Et pourtant, en songeant à l’importance accordée à la parole donnée dans les
cultures orales (ou dans celles où l’oralité a laissé une trace profonde), je
n’en suis pas sûr ! Mais revenons à La
vie des autres : dans ce film, on peut voir comment la vie d’un couple
est épiée, notamment au travers de l’espionnage de ses conversations, qui sont
écoutées et enregistrées sur bandes magnétiques. Leur intimité sera connue de
la police dans tous ses détails.
Ceux qui ont vu ce film connaissent la suite :
l’officier de la Stasi chargé de mettre en œuvre la mission d’espionnage, pris
de sentiments bienveillants, tentera de protéger ses victimes et sera pour cela
lourdement sanctionné : dégradé, il aura désormais pour tâche d’ouvrir à
la vapeur[i]
des enveloppes contenant les correspondances de milliers de citoyens
est-allemands, assis dans un bureau, au milieu d’autres policiers anonymes.
C’est un travail répétitif, fastidieux, déprimant.
Mais ces temps sont révolus, n’est-ce pas. Je
suppose que, dans de telles officines, il y avait aussi des personnels
spécialisés dans la lecture des lettres, le relevé des adresses des
correspondants suspects, et bien entendu dans la fermeture des enveloppes d’une
manière aussi discrète que possible[ii] !
Bref, cette ouverture massive de lettres devait être
un vrai travail de fourmi.
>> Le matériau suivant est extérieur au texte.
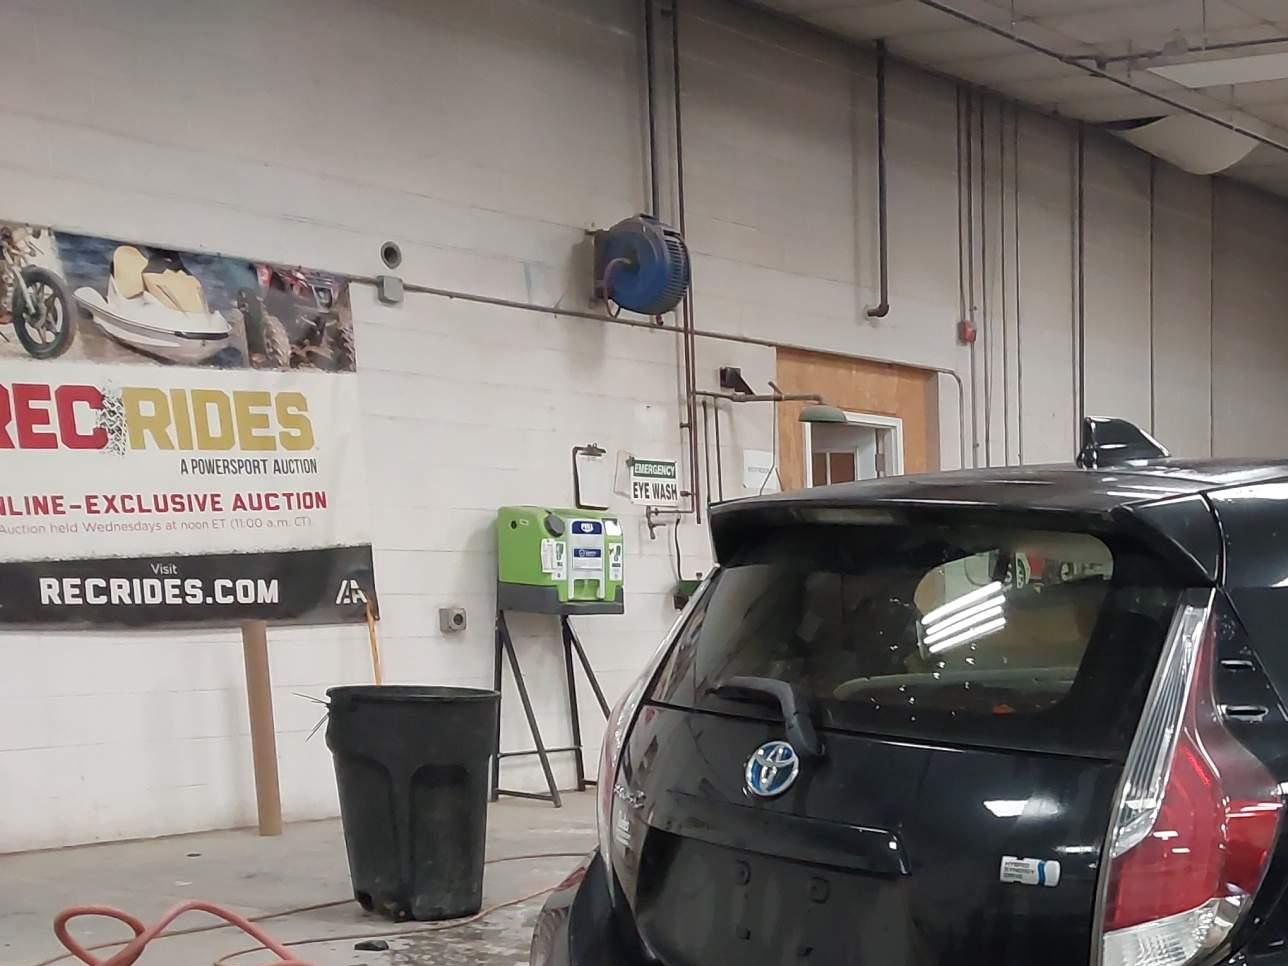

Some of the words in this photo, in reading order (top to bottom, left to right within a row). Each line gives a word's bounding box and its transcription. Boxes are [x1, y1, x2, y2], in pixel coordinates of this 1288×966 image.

Sans compter le déchiffrage des écritures ! La
lecture de courriers électroniques a dû être, de ce point de vue, accueillie
comme un immense progrès dans les équivalents contemporains des officines déjà
évoquées.
Ce qui m’amène à une réflexion : et si, pour
conserver une certaine discrétion, en ces temps d’écoute généralisée (mais
aussi d’impatience et de paresse, y compris peut-être dans les cabinets noirs), nous ne revenions pas à
un usage plus large de la correspondance écrite,
sur du papier, glissée bien sûr dans des enveloppes[iii] ?
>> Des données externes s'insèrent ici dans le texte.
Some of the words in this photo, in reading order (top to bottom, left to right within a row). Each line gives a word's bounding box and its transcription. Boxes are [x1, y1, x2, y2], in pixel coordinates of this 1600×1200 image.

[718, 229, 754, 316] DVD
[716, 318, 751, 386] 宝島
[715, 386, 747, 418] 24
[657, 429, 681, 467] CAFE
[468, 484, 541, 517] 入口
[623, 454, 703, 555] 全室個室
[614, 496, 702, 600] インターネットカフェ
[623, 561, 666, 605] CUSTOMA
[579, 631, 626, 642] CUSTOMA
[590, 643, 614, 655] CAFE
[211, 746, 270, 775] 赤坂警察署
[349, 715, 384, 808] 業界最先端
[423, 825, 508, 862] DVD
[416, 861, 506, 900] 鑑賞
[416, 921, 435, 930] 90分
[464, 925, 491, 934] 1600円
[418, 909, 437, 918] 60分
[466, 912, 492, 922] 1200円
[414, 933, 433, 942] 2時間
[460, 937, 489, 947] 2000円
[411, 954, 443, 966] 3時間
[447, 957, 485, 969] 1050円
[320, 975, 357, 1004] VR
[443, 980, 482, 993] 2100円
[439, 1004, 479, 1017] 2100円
Mais, me rétorquerez-vous, que faire d’éventuelles lettres
compromettantes ? Voyons, vous n’avez jamais entendu parler du feu ?
De quelques charmes de la lettre
Citons, évidemment, ceux de la lettre que l’on est
en train d’écrire, ou que l’on s’apprête à écrire : quel papier, quelle
enveloppe, quelle encre choisir ? Quel ton employer, aussi ? Sur ce
dernier point, reconnaissons que la question se pose aussi pour le courrier
électronique, qui peut donc conserver un certain charme. Ajoutons le choix de
s’appliquer ou non en écrivant, et la possibilité d’ajouter des dessins de son
cru, des annotations ou des monogrammes farfelus aussi bien sur la lettre que
sur l’enveloppe (les monogrammes et dessins sont cependant à déconseiller à qui
n’a pas un minimum de « coup de crayon »).
Ces charmes deviendront, à l’autre bout de la
chaîne, la marque de l’attention portée par l’expéditeur au destinataire.
Songeons à ce dernier, lorsqu’il ouvre sa boîte à lettres : identification
de l’expéditeur par son écriture (bien plus agréable qu’un nom sur une liste de
courriers électroniques avec un titre bourré de re.tr.re.fw.re.re…), attente d’être chez soi, au calme, pour
décacheter l’enveloppe… selon l’expéditeur, cette attente pourra être
haletante… et même trop longue : l’enveloppe, parfois, sera ouverte dès sa
sortie de la boîte.
A tout cela s’ajoute, évidemment, dans certains cas,
l’attente fébrile d’une réponse de la part de la personne à qui l’on vient
d’écrire : deux jours, dans le meilleur des cas ! Et combien de
semaines, parfois : si le correspondant est à l’autre bout du monde,
certes, mais aussi s’il est paresseux, distrait, indifférent ou ennuyé ;
ces délais ont souvent une signification.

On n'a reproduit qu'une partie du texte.